(About this task) Starting at the line that contains "this 1600×1200 image." and stopping at the line that contains "this 1280×1281 image.", restate each line of the records below exactly. Omit the pictures.

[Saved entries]
'''
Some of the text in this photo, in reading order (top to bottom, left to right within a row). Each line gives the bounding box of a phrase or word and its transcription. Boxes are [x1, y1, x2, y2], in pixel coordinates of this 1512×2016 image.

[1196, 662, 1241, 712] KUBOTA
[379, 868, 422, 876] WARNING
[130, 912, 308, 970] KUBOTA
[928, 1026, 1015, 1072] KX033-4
'''
'''
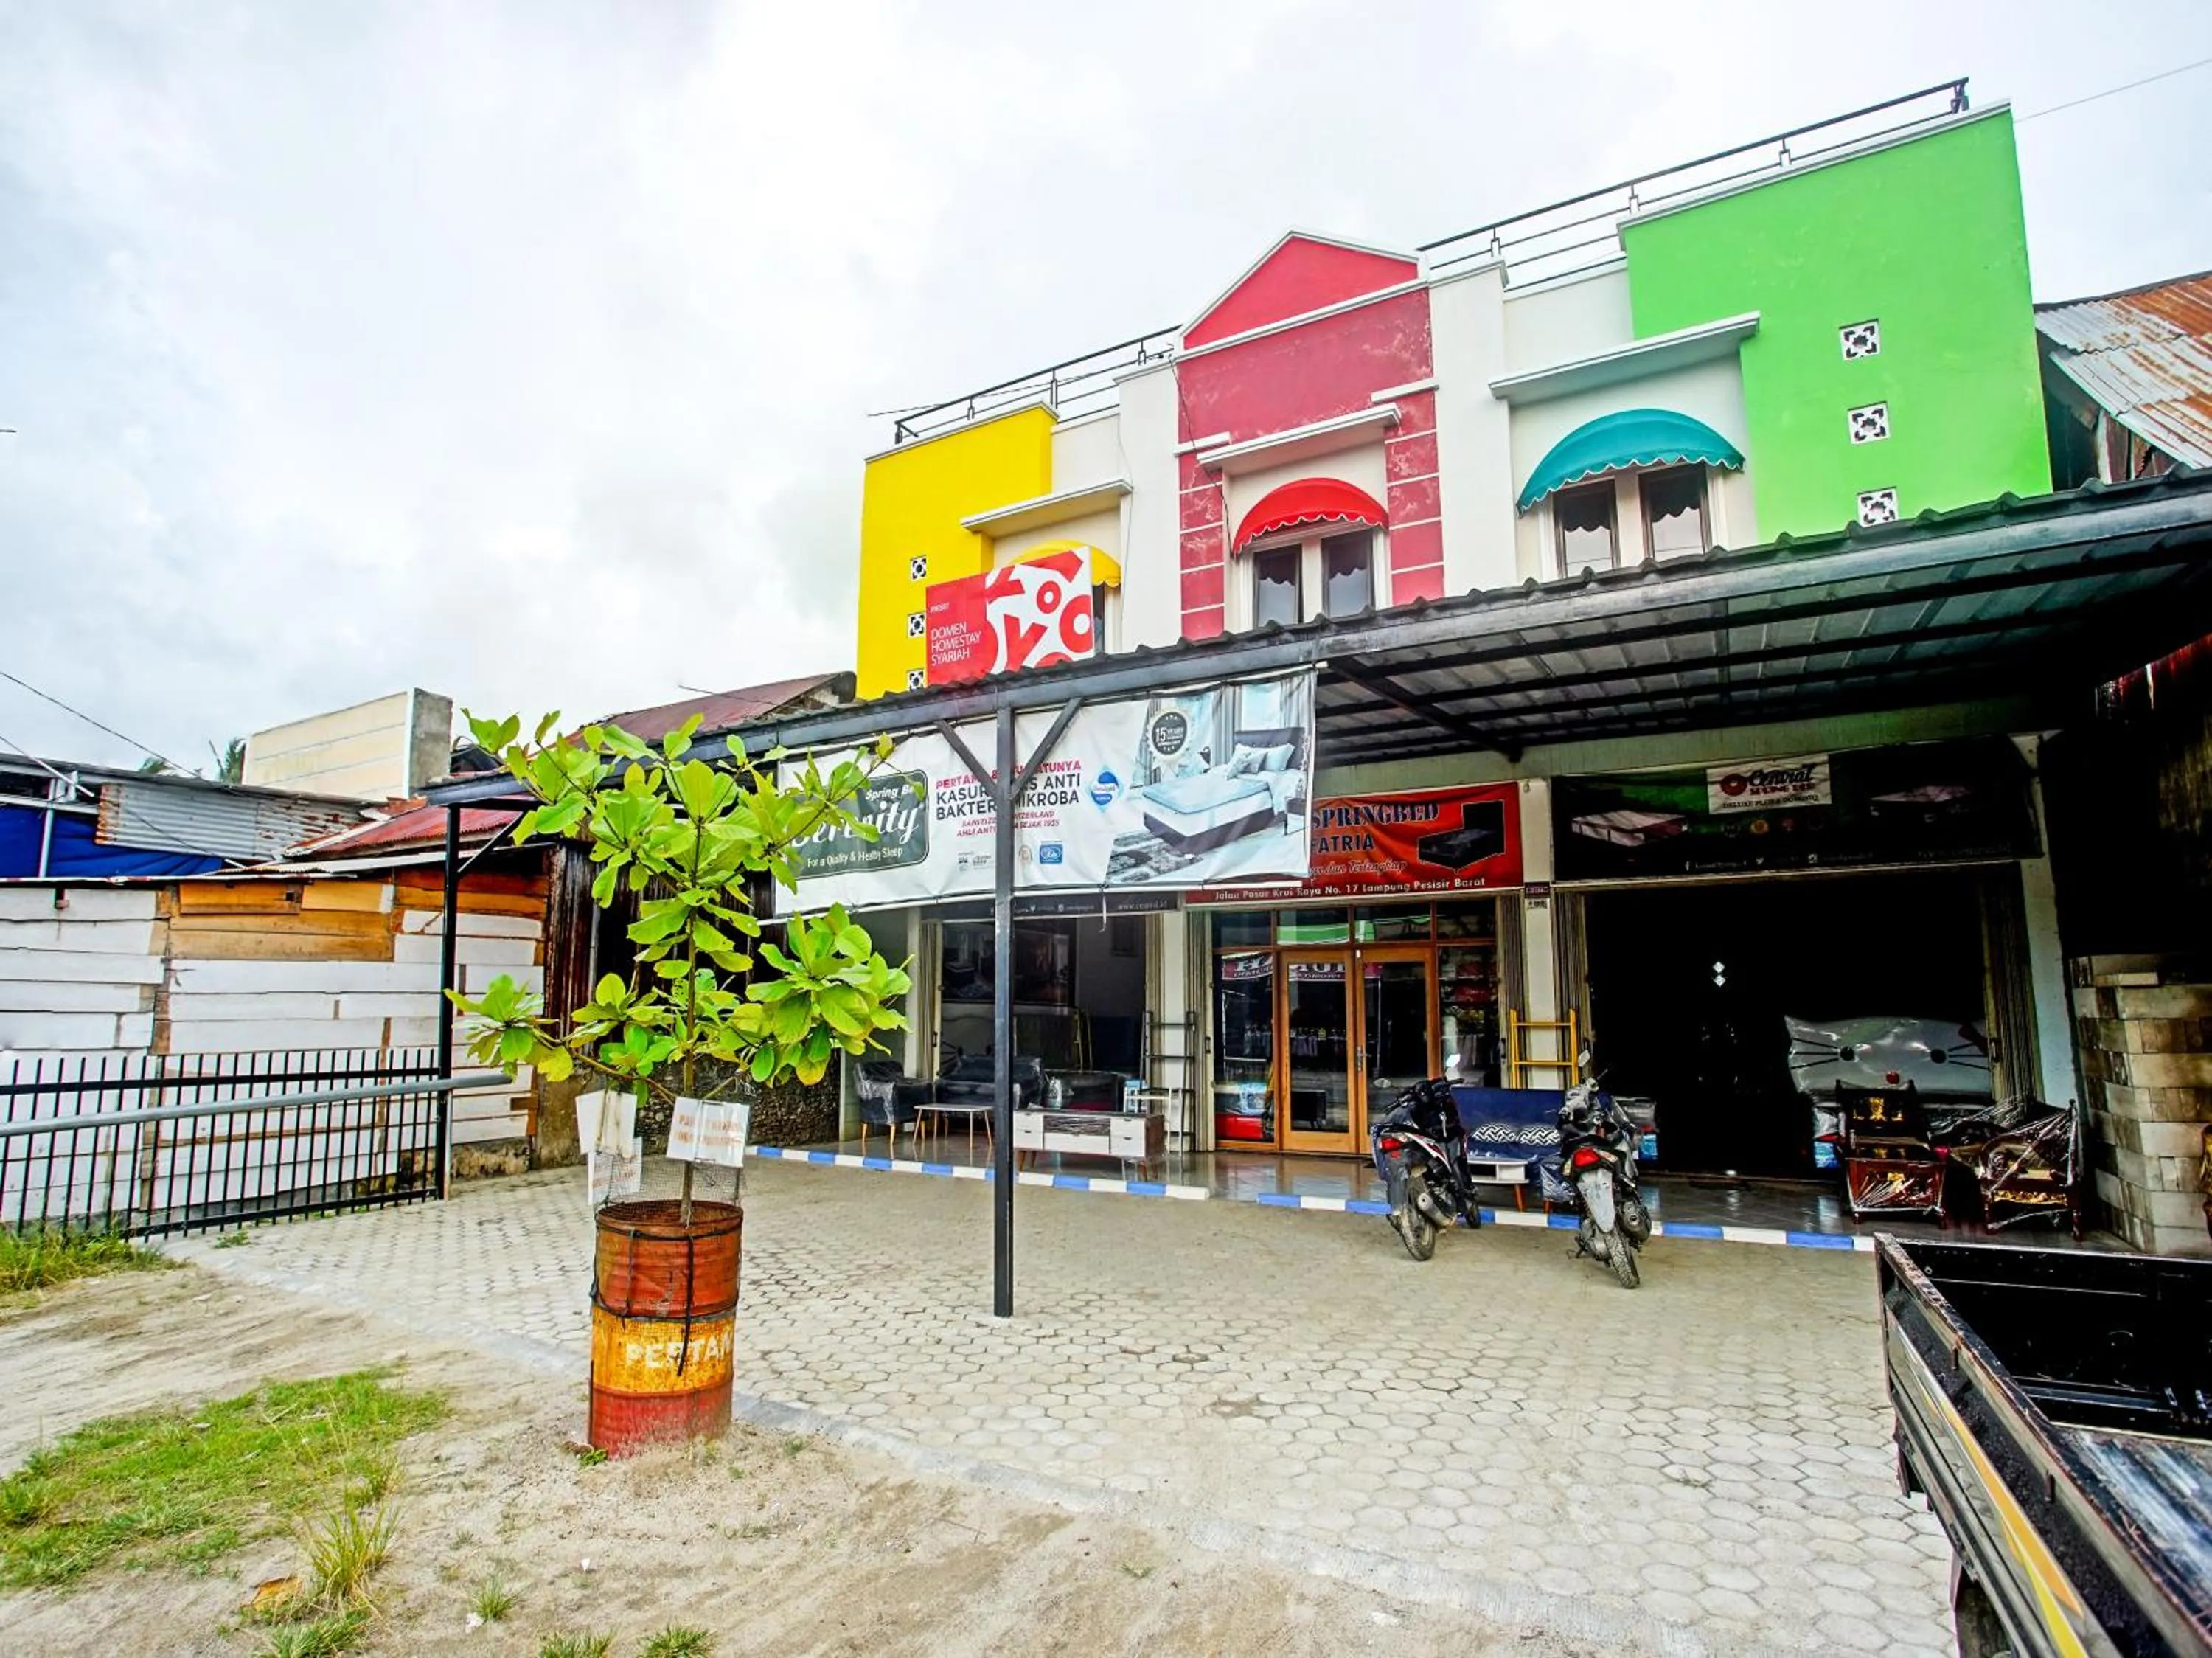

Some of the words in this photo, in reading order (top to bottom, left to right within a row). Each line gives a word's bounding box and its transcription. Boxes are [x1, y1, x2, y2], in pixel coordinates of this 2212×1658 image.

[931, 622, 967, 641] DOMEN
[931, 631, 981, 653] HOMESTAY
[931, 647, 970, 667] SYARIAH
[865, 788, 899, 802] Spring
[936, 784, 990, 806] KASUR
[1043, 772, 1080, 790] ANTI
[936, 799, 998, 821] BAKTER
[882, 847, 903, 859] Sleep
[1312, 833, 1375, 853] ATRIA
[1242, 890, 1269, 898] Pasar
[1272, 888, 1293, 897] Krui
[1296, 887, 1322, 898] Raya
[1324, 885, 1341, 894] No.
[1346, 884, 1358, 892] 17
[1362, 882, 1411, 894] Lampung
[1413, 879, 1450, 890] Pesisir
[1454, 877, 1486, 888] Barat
'''
'''
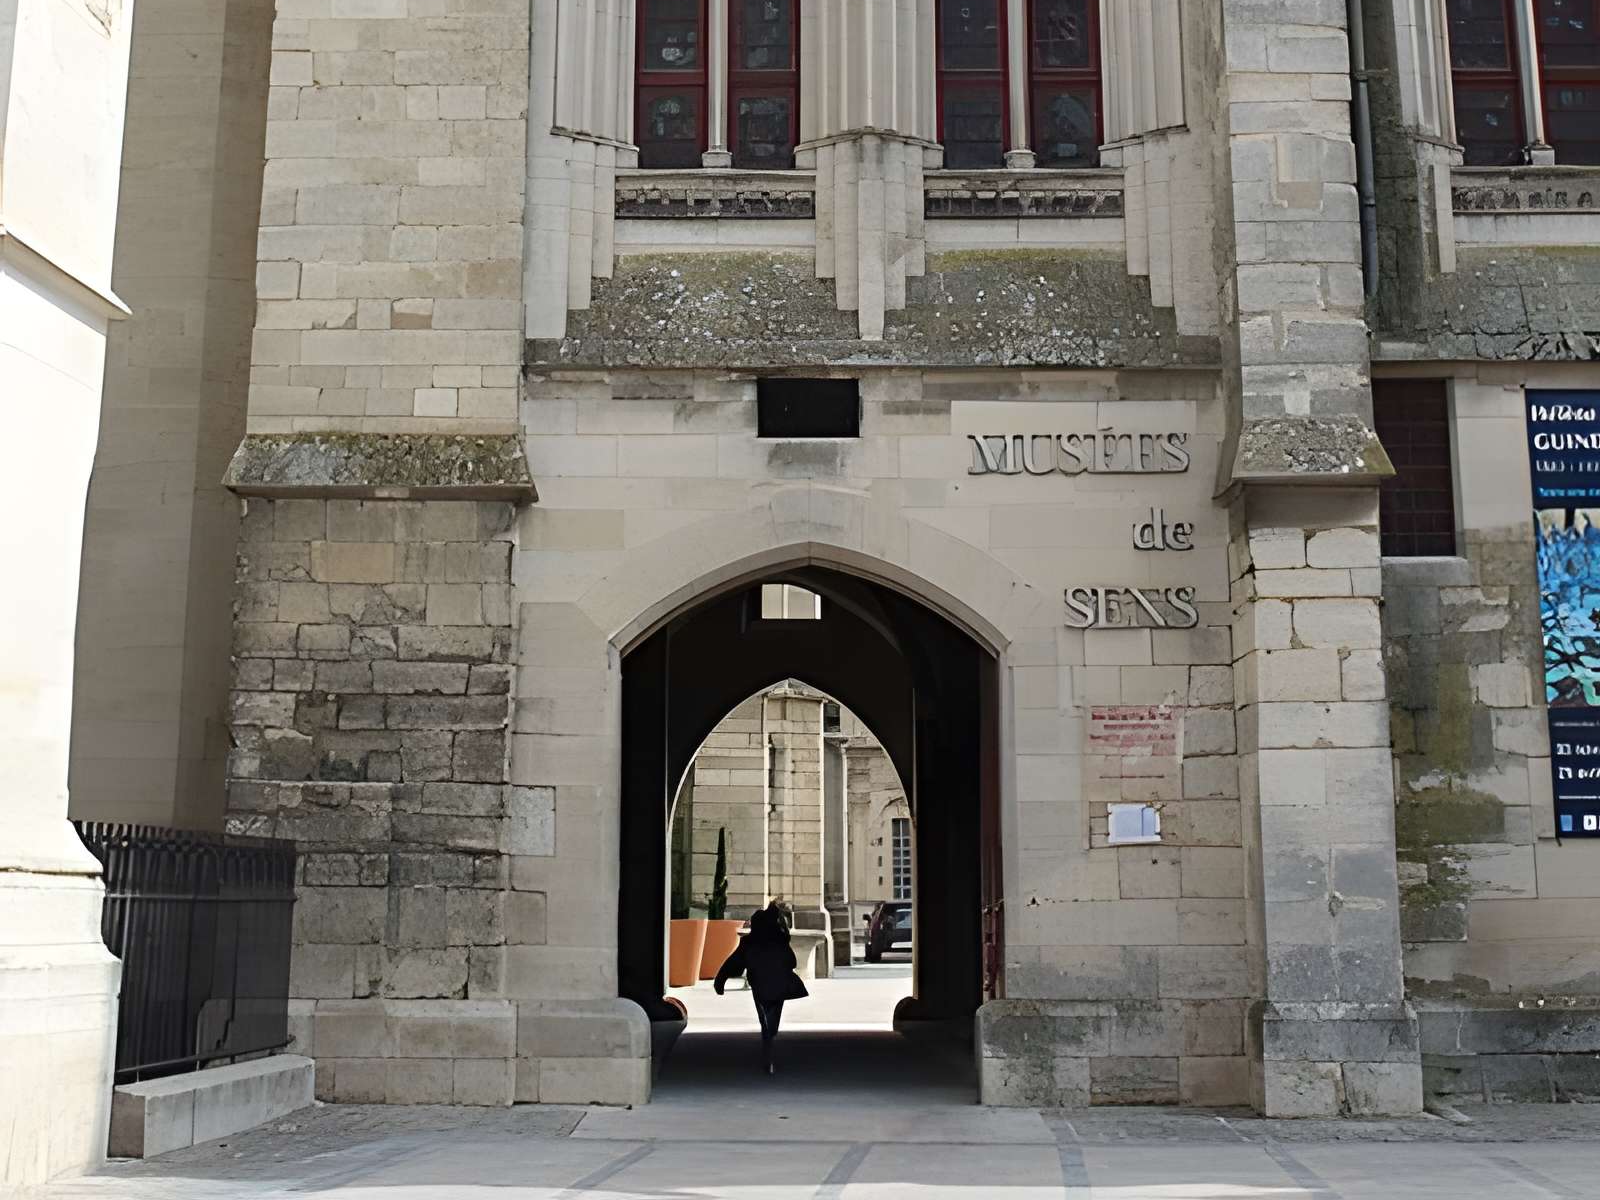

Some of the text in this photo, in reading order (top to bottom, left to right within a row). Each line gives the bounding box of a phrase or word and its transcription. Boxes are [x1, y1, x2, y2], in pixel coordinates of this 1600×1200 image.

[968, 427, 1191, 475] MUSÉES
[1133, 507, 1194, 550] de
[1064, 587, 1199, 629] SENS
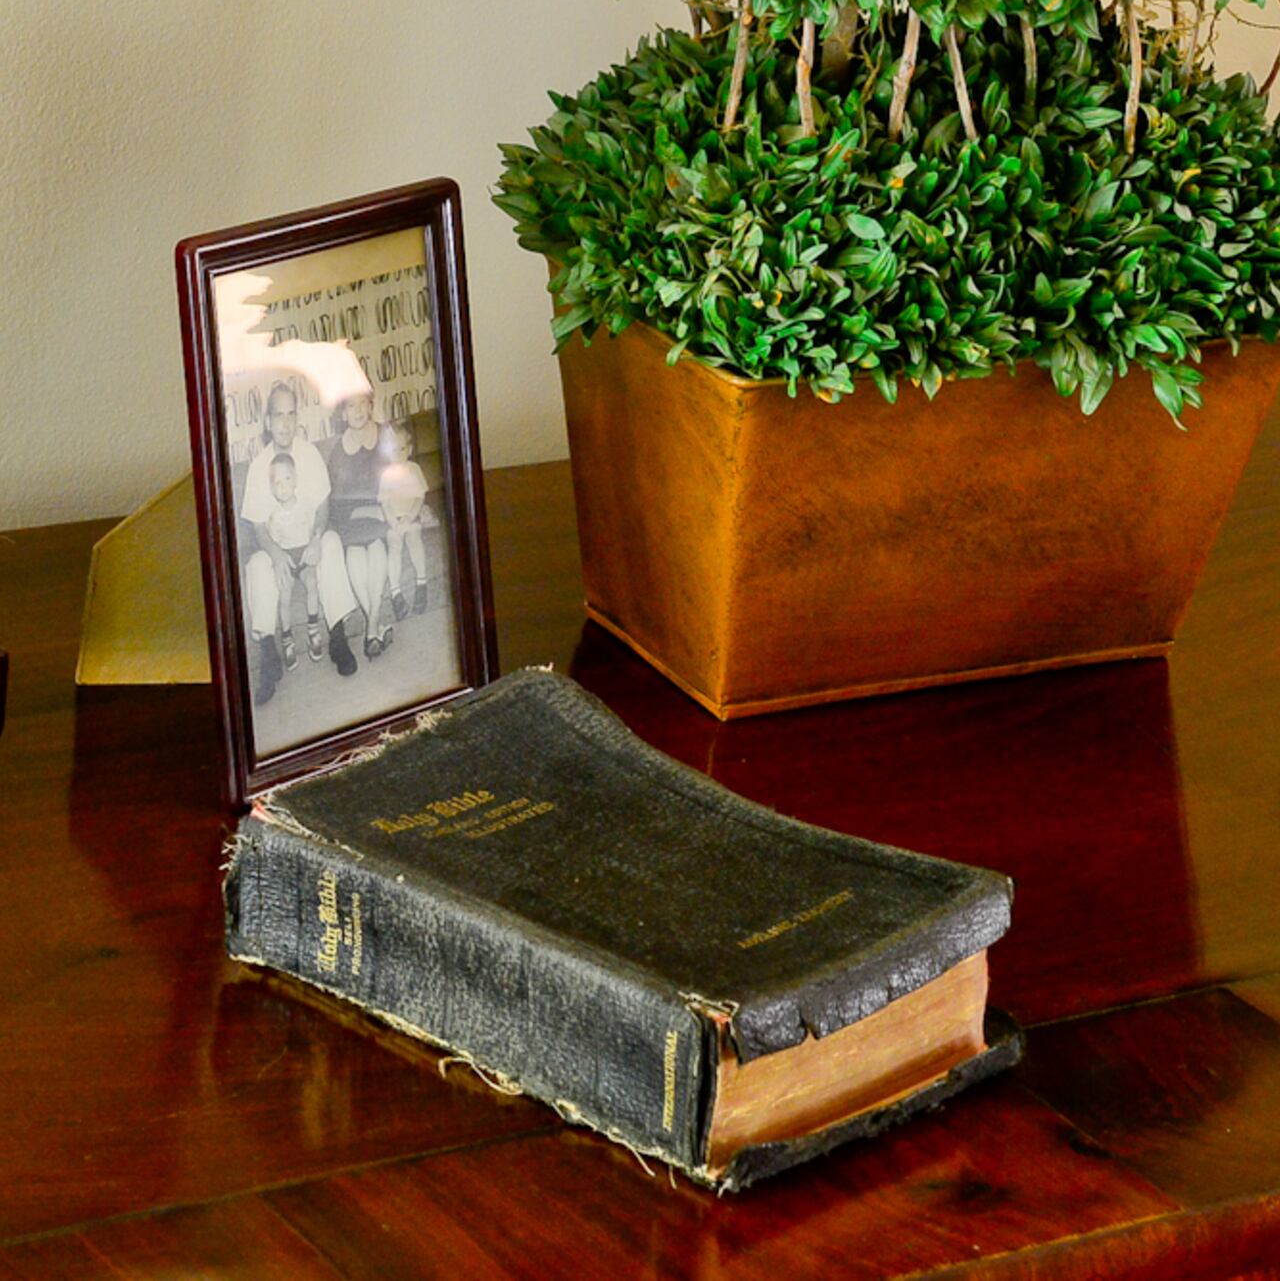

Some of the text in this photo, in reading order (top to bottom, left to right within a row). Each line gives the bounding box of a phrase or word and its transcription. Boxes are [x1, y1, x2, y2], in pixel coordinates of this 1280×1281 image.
'''
(Result below)
Some of the text in this photo, in reading order (top to bottom, left to right within a row). Each line gives the bounding box of a phrase or word and its transcription. Boxes are [x1, y1, x2, y2], in pixel coordinates of this 1600×1200 image.

[968, 427, 1191, 475] MUSÉES
[1133, 507, 1194, 550] de
[1064, 587, 1199, 629] SENS

Some of the text in this photo, in reading order (top to bottom, left to right within a row). Each line gives the bounding box of a phrase or word and its transcription. Boxes are [x1, y1, x2, y2], in pixel coordinates of this 1280×1281 image.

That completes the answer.